- Born: December 22, 1954 (age 71) Gunsan, South Korea
- Occupations: Businessman, biochemist
- Employer: Alteogen [ko]

Korean name
- Hangul: 박순재
- RR: Bak Sunjae
- MR: Pak Sunjae

= Park Soon-jae =

South Korean biochemist and businessman (born 1954)

Park Soon-jae (born December 22, 1954) is a South Korean businessman and biochemist. He is the CEO and co-founder of the biotechnology company Alteogen. He founded the company alongside his wife Chung Hye-shin, whom was the chief scientific officer of the company. He is among the richest people in South Korea; in 2025, Forbes estimated his net worth at US$3 billion and ranked him the 23rd richest person in the country.

== Biography ==
Park was born on December 22, 1954, in Gunsan, South Korea. In 1973, he graduated from Seoul High School. In 1980, he graduated from Yonsei University with a bachelor's in biochemistry. In 1985, he graduated from Purdue University with a PhD in biochemistry.

From 1986 to 1988, he worked as a researcher at the Massachusetts Institute of Technology (MIT). He worked in South Korea beginning in 1988 in various biotechnology research positions. In 1998, he became head of development in LG Chem. He worked in various leadership roles in LG Chem's life sciences division thereafter.
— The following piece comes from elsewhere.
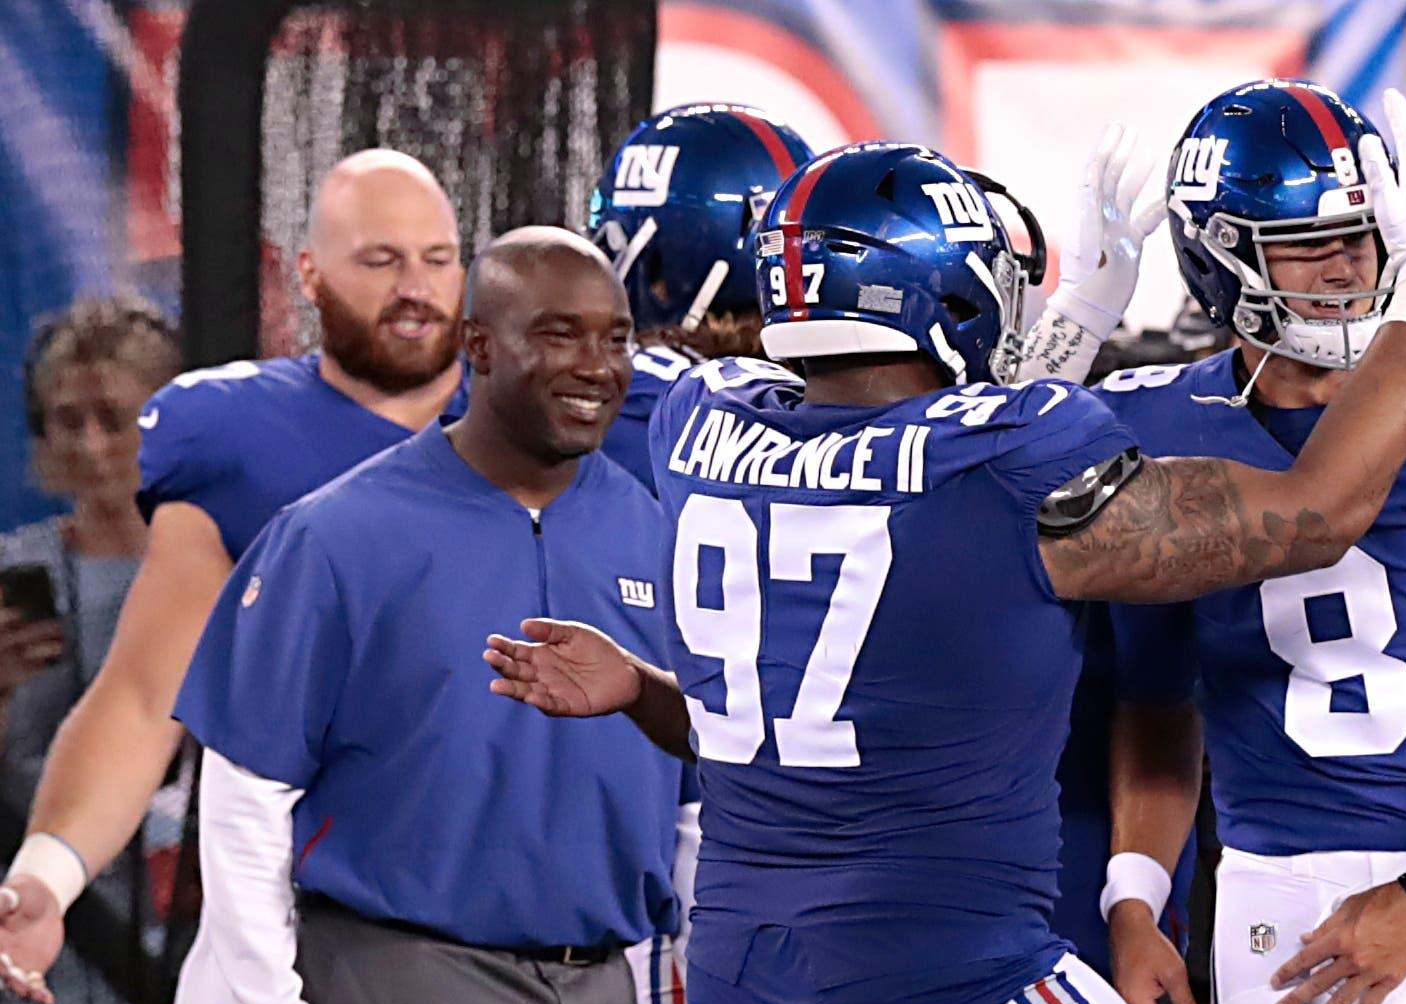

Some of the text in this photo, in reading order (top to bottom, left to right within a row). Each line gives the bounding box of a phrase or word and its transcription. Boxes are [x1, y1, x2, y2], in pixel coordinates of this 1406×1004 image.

In 2006, he became managing director of Dream Pharma. In 2008, he founded Alteogen with his wife, Chung Hye-shin. From 2009 to 2010 he served as chairman of pharmaceutical company Binex, and as a vice president from 2010 to 2011. He became Alteogen's CEO in either 2010 or 2011. By June 2024, he held a 19.2% stake of Alteogen. In December 2024, Alteogen had the largest market capitalization in the KOSDAQ exchange. Amidst this 2024 stock price surge, Park became a billionaire (by $US).

== Personal life ==
He has a wife, Chung Hye-shin, whom is a co-founder and former chief scientific officer of Alteogen, as well as a professor at Hannam University. They both received their doctorates from Purdue University and worked as researchers at MIT. The couple have a daughter, Park Su-min. In June 2024, Chung had a 0.8% stake in Alteogen, and Park Su-min a 0.5% stake. Chung left the company in September 2023 and controversially sold off much of her stake in the company in early 2024. Park Soon-jae assured stockholders that he would not sell off his own shares. Chung reportedly intended to work with non-profits and on other projects in biotechnology.